►

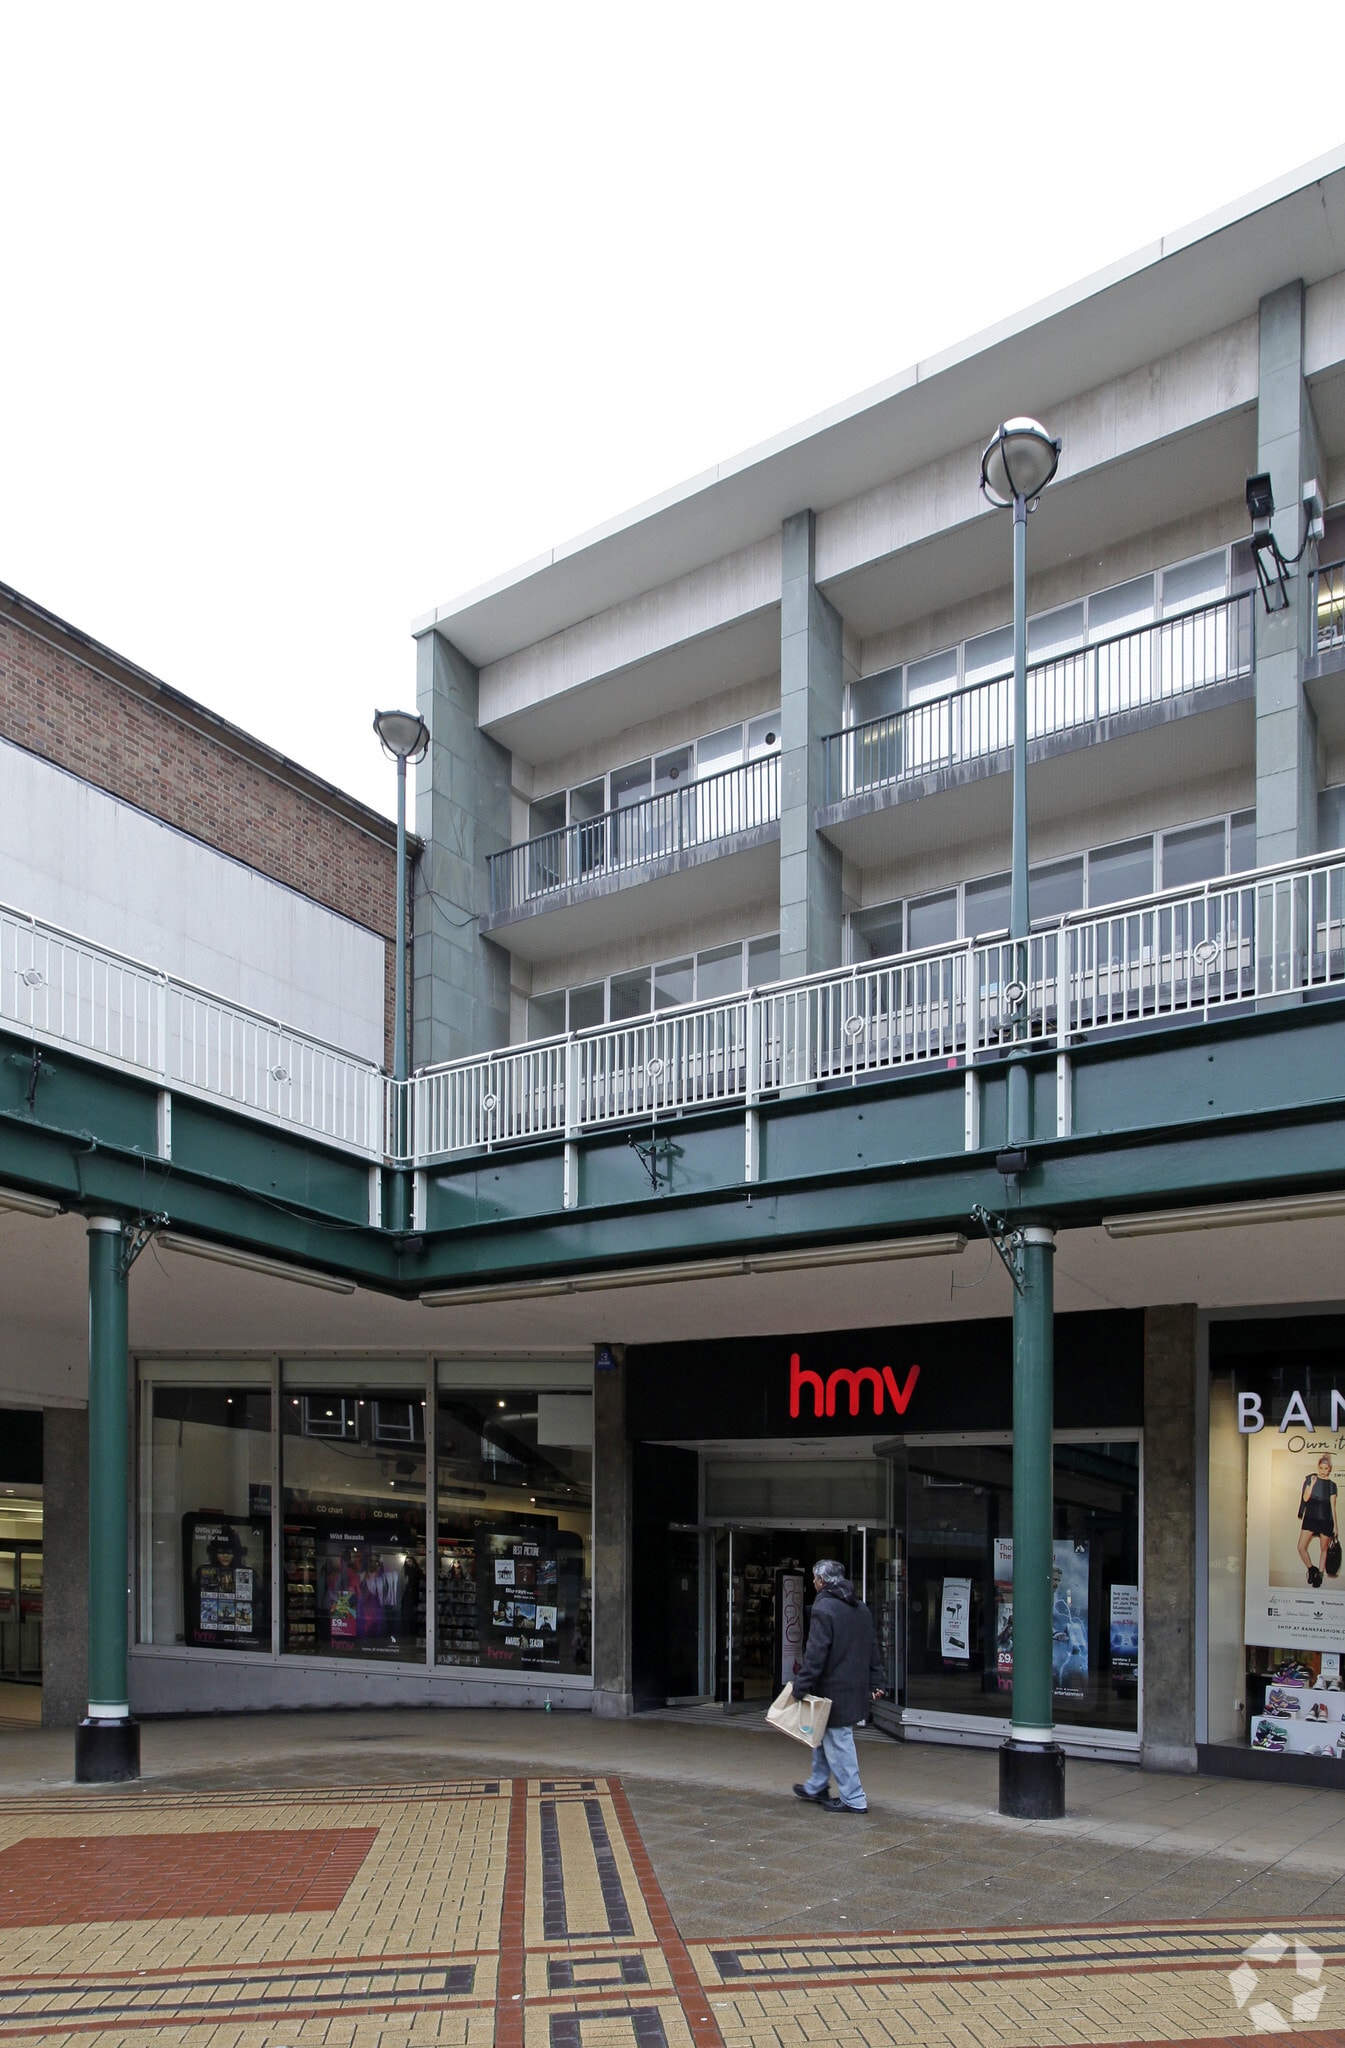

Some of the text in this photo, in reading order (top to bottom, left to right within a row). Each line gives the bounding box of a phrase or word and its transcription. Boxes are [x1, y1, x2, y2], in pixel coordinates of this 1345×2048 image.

[790, 1352, 920, 1418] hmv
[1288, 1435, 1330, 1453] Own
[316, 1504, 344, 1514] CD chart
[384, 1511, 398, 1519] chart
[211, 1528, 222, 1536] you
[512, 1546, 540, 1557] BEST PICTURE
[192, 1628, 217, 1642] hmv
[330, 1639, 354, 1651] hmv
[529, 1638, 544, 1648] SEASON
[486, 1646, 513, 1660] hmv

◄

**WORK INSTRUCTIONS:** Images are not wanted in the copy. Please print the material above exactly.

**ANSWER TO THIS EXERCISE:**
Some of the text in this photo, in reading order (top to bottom, left to right within a row). Each line gives the bounding box of a phrase or word and its transcription. Boxes are [x1, y1, x2, y2], in pixel coordinates of this 1345×2048 image.

[790, 1352, 920, 1418] hmv
[1288, 1435, 1330, 1453] Own
[316, 1504, 344, 1514] CD chart
[384, 1511, 398, 1519] chart
[211, 1528, 222, 1536] you
[512, 1546, 540, 1557] BEST PICTURE
[192, 1628, 217, 1642] hmv
[330, 1639, 354, 1651] hmv
[529, 1638, 544, 1648] SEASON
[486, 1646, 513, 1660] hmv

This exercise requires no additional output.